Stored data entries
===============
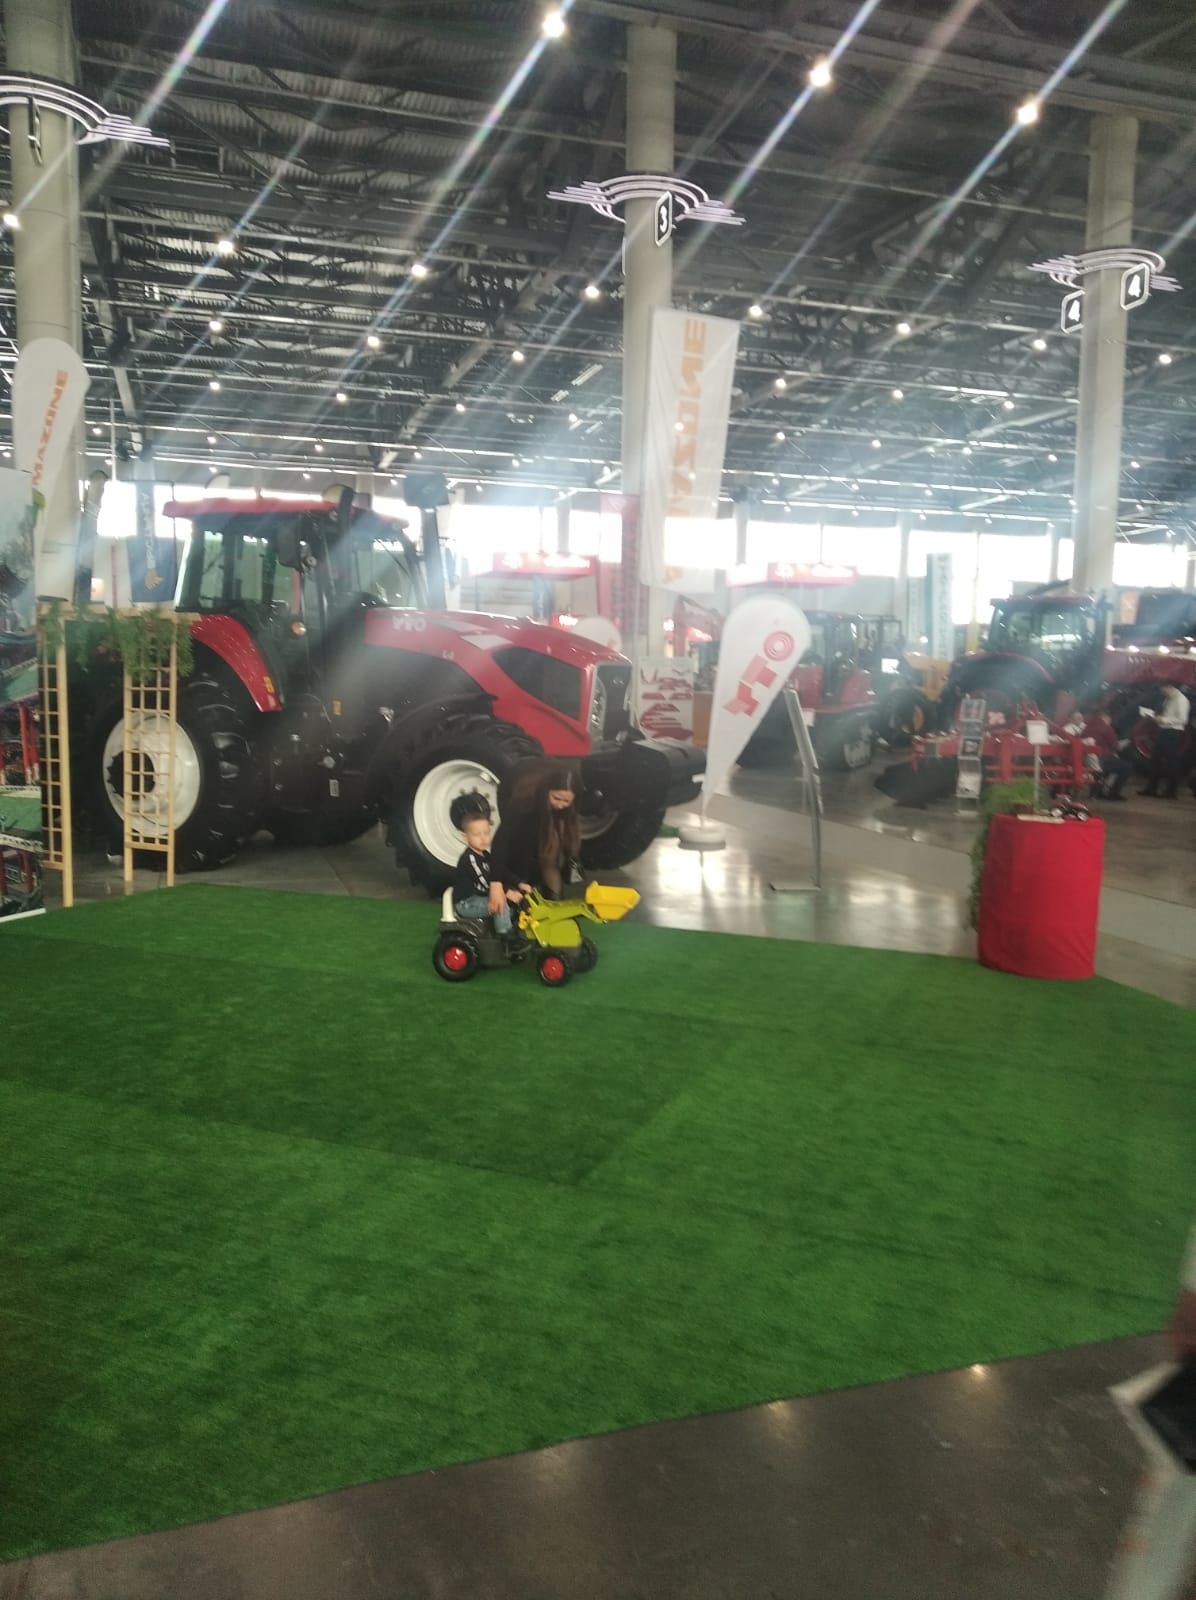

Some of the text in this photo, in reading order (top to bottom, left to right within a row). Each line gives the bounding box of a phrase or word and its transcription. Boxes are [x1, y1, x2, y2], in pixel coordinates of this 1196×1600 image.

[659, 204, 668, 233] 3
[1127, 274, 1142, 298] 4
[1067, 299, 1081, 322] 4
[31, 368, 69, 487] MAZONE
[722, 629, 796, 718] YTO
===============
Give back every record above word for word, dropping pictures.

Some of the text in this photo, in reading order (top to bottom, left to right within a row). Each line gives the bounding box of a phrase or word and its transcription. Boxes are [x1, y1, x2, y2], in pixel coordinates of this 1196×1600 image.

[659, 204, 668, 233] 3
[1127, 274, 1142, 298] 4
[1067, 299, 1081, 322] 4
[31, 368, 69, 487] MAZONE
[722, 629, 796, 718] YTO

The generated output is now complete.